Ausserhalb Japans, gibt es nur drei Städte weltweit, die nach der einflussreichen „Japan Cherry Blossom Association“, das Recht haben, alle zwei Jahre, eine Kirschblütenprinzessin zu wählen. Viele andere Orte, Gemeinden und Städte in Deutschland oder sonst wo, machen es einfach – sozusagen illegal, rechtlos, ohne japanischen Segen. Ein anderer Trick besteht auch darin, aus der Prinzessin eine Königin zu machen und schon kann man auf Honolulu und die JCB-Association pfeifen.
Die große Sehnsucht in unserem Land einmal Prinzessin oder Königin zu sein, kennen wir ja schon lange. Ab und zu leihen wir uns die winkende Elizabeth oder die unkomplizierte Margrethe aus der Gala aus, vergleichen die pompösen Hüte der Royals, mit der Helmfrisur von Königin Angela und wünschen uns einfach auch ein wenig Pomp und Glamour. Ersatz muss her.

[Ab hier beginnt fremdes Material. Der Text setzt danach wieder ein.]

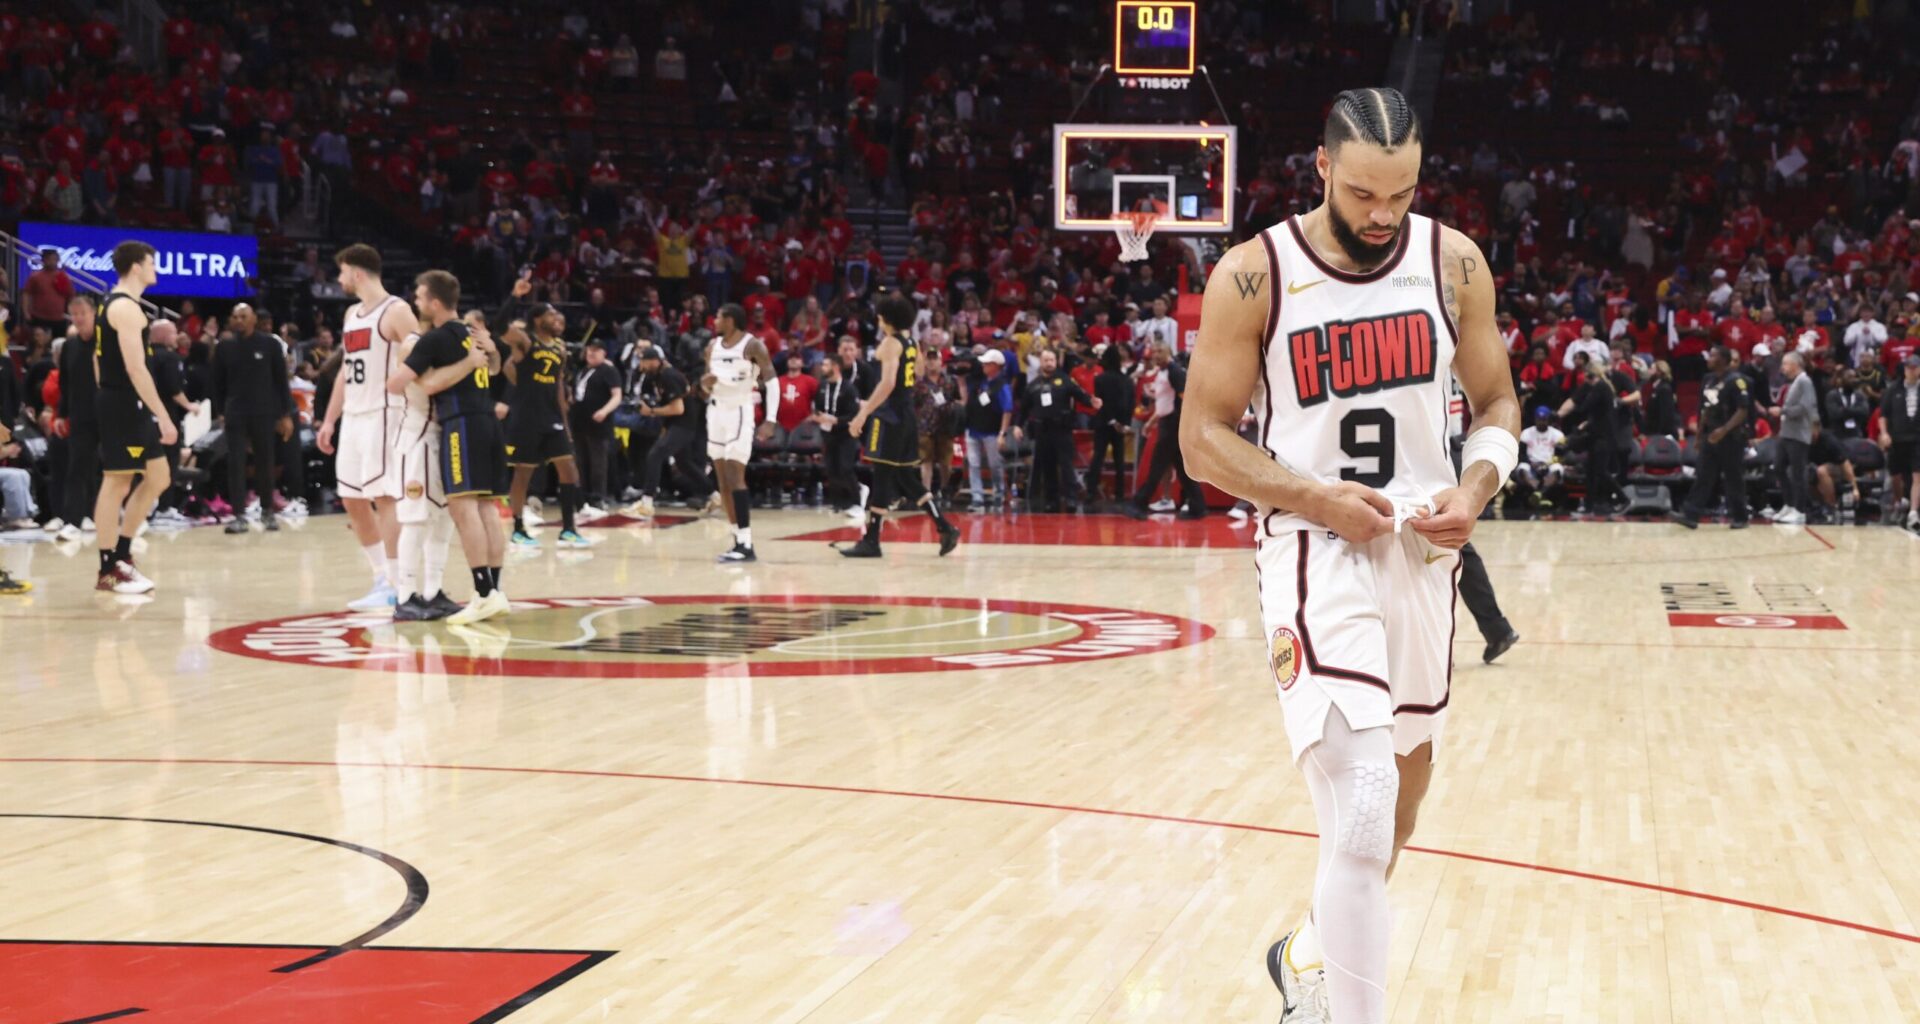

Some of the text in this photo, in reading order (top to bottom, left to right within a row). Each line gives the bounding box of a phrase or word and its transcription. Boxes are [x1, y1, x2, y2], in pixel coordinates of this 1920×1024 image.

So gibt es neben den Blütenköniginnen, inzwischen auch die Heidelbeer- Schnucken- und Wurzelmajestäten. Letztere sogar mit Hofdame. Die Männer müssen sich allerdings mit Schützen- und Kartoffelkronen zufrieden geben.
Welcher Mann möchte auch in seinem Lebenslauf lesen: Juni 2012 – Müdener Schnuckenkönig ?
Mir sind Bienenköniginnen noch immer am liebsten!
Blütenhühner sind auch ok. Wir haben zwei im Garten.